Credit: Wyss Institute at Harvard University
The researchers grew a blackeye pea plant in soil enriched with its chitosan bioplastic over a three-week period – demonstrating the material’s potential to encourage plant growth once it is returned to the environment.
Researchers from Harvard University – Wyss Institute for Biologically-Inspired Engineering developed a fully degradable bioplastic by synthesizing chitosan with silk fibroin protein that mimics the microarchitecture of natural insect cuticle. The material, called “Shrilk”, can be used to manufacture objects without the environmental impact posed by conventional synthetic plastics by rapidly biodegrades when returned to the environment in landfills or used as compost.

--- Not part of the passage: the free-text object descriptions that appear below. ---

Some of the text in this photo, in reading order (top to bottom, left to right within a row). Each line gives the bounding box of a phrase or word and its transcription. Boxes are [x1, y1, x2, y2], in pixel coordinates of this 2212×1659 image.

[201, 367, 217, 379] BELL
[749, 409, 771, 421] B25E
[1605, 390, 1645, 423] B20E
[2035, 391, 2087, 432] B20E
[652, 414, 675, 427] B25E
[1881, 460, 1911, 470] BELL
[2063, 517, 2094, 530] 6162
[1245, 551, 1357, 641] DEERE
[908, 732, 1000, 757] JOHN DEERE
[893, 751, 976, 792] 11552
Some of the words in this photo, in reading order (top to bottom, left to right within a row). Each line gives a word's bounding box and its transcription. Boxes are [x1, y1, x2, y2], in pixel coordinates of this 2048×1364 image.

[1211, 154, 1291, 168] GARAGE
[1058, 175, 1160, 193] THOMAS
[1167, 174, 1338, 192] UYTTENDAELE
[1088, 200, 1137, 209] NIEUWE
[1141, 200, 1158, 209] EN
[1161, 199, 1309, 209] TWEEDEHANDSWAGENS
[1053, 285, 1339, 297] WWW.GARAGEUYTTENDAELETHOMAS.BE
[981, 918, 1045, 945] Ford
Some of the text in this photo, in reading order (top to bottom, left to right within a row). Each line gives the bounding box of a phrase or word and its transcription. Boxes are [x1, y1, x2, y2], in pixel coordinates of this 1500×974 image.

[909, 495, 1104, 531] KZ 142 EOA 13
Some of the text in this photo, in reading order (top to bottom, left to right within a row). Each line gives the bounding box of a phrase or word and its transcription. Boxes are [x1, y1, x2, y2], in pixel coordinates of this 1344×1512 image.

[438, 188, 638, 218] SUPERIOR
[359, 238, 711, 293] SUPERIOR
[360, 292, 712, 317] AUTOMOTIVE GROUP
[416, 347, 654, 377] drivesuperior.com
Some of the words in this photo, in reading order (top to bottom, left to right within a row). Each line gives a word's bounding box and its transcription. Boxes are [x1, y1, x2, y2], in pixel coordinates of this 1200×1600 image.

The biomaterial is proving to be extremely flexible and may be used for developing implantable hydrogels, 3D scaffolds, foams, and films for surgical closure, wound healing, tissue engineering, drug delivery, and regenerative medicine applications. Initial experiments demonstrates that the chitosan-fibroin complex can be used in agricultural applications. For example, it has delivered nutrients as a natural growth elicitor for plants.
Humans produce over 300 million tons of plastic per year and recycle only 3%, leaving the other 97% to break down in oceans and landfills where they harm the food chain and our environment. A large number of bioplastics on the market today are made from cellulose, a plant-based polysaccharide material, finding application in packaging and simple containers for food or drinks. However, engineers have been unable to shape these materials into complex 3D shapes while providing the hardiness that is characteristic of conventional plastics.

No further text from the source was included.